The smell in bars at five in the morning. Perfume, sweat, cigarettes, possibly marijuana, certainly liquor. An interrealistic smell. A mixed product that has been created, produced. A hybrid that goes from being to reality. That produces a side that is by no means elegant,

but nevertheless exists. The inter-world of the interrealist is not in the spectrum of Fontan's ›Before Day and Dew‹. It cannot be limited in time or space, it is omnipresent.

The subconscious of each individual builds his or her own image, that of his or her own life. The weighting of the specific components is individual. But the interrealistic attitude and action is inherent, innate, in everyone.

The interrealist rises above subjectivity and becomes objective reality.

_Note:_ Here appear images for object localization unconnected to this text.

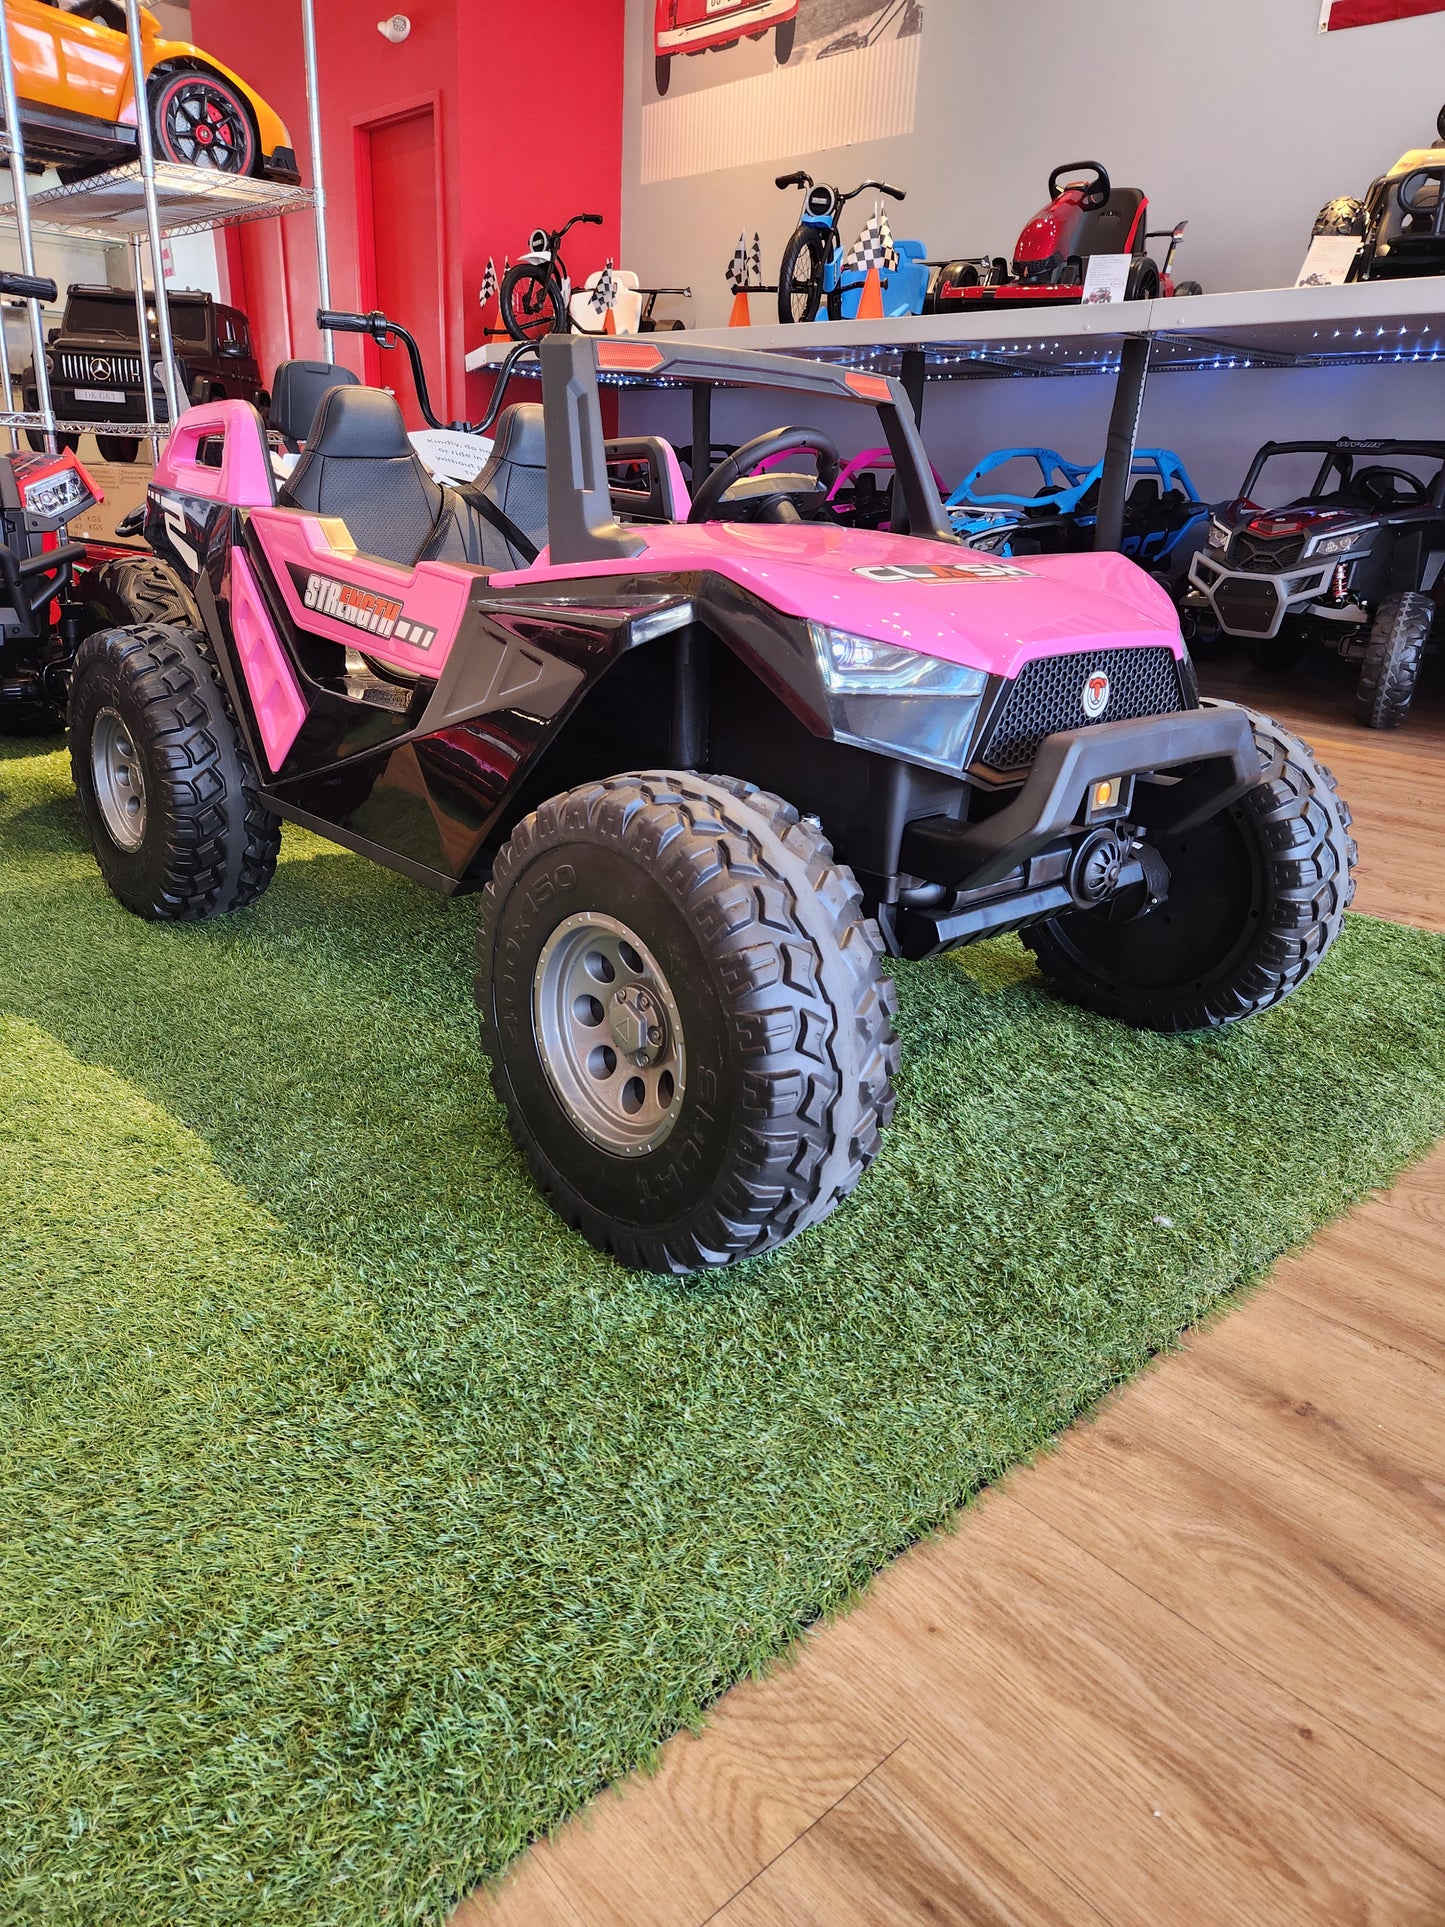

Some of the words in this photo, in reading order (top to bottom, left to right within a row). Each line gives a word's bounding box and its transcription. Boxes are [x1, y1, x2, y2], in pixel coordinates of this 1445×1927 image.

[426, 438, 462, 448] Kindly,
[464, 443, 477, 451] do
[451, 450, 472, 458] ride
[852, 563, 1038, 582] CLASH
[304, 573, 403, 639] STRENGTH

In the field of tension between abstract and objective tendencies, he is a choreographer, a conductor, but also an observer. You have the opportunity to develop your own association, poetic with an intellectual reference. You are an interrealist. You mix, blend, create, invent. It is not new, it has always been there. Now it is defined, formulated, it becomes more and more tangible the longer you think about it. Gilles Deleuze described unconscious processes in people, and that all processes are interdependent. See this as the pre-form of interrealism. See it for what it is. You yourself mix hundreds of things every day. You are very close to these things, you can look them in the eye without embellishment if you want to. The approach to this topic always raises the question at some point of where it all leads. It certainly leads to the paintings of Alexander Iskin.